*** DATA PROVIDED ***
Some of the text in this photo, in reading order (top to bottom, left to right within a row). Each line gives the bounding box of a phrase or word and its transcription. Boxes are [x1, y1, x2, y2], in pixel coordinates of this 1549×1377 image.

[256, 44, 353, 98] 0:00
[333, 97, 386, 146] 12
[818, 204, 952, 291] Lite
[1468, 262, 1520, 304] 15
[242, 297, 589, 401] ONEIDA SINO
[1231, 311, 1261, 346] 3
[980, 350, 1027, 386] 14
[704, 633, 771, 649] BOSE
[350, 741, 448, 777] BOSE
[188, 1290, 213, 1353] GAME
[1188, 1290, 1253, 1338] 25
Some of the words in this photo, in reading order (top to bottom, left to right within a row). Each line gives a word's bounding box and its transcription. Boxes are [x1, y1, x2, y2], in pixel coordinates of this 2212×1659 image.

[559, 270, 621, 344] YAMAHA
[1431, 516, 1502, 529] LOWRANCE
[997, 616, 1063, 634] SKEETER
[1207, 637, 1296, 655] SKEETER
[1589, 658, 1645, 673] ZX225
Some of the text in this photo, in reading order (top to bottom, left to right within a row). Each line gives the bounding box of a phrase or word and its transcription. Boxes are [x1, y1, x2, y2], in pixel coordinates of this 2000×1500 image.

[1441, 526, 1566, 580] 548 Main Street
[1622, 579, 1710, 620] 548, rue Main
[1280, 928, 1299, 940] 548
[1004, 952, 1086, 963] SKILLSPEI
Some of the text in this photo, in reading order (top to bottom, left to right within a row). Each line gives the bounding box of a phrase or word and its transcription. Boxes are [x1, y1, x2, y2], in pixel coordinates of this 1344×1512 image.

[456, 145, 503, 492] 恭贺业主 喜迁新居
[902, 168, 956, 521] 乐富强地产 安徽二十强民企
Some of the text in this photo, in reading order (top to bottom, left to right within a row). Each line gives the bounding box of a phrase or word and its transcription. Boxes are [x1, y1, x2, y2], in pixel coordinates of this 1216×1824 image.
*** End of DATA PROVIDED ***
= TASK PROMPT =
The full listing above needs to be output exactly.

= RESPONSE TO THE EXERCISE =
Some of the text in this photo, in reading order (top to bottom, left to right within a row). Each line gives the bounding box of a phrase or word and its transcription. Boxes are [x1, y1, x2, y2], in pixel coordinates of this 1549×1377 image.

[256, 44, 353, 98] 0:00
[333, 97, 386, 146] 12
[818, 204, 952, 291] Lite
[1468, 262, 1520, 304] 15
[242, 297, 589, 401] ONEIDA SINO
[1231, 311, 1261, 346] 3
[980, 350, 1027, 386] 14
[704, 633, 771, 649] BOSE
[350, 741, 448, 777] BOSE
[188, 1290, 213, 1353] GAME
[1188, 1290, 1253, 1338] 25
Some of the words in this photo, in reading order (top to bottom, left to right within a row). Each line gives a word's bounding box and its transcription. Boxes are [x1, y1, x2, y2], in pixel coordinates of this 2212×1659 image.

[559, 270, 621, 344] YAMAHA
[1431, 516, 1502, 529] LOWRANCE
[997, 616, 1063, 634] SKEETER
[1207, 637, 1296, 655] SKEETER
[1589, 658, 1645, 673] ZX225
Some of the text in this photo, in reading order (top to bottom, left to right within a row). Each line gives the bounding box of a phrase or word and its transcription. Boxes are [x1, y1, x2, y2], in pixel coordinates of this 2000×1500 image.

[1441, 526, 1566, 580] 548 Main Street
[1622, 579, 1710, 620] 548, rue Main
[1280, 928, 1299, 940] 548
[1004, 952, 1086, 963] SKILLSPEI
Some of the text in this photo, in reading order (top to bottom, left to right within a row). Each line gives the bounding box of a phrase or word and its transcription. Boxes are [x1, y1, x2, y2], in pixel coordinates of this 1344×1512 image.

[456, 145, 503, 492] 恭贺业主 喜迁新居
[902, 168, 956, 521] 乐富强地产 安徽二十强民企
Some of the text in this photo, in reading order (top to bottom, left to right within a row). Each line gives the bounding box of a phrase or word and its transcription. Boxes are [x1, y1, x2, y2], in pixel coordinates of this 1216×1824 image.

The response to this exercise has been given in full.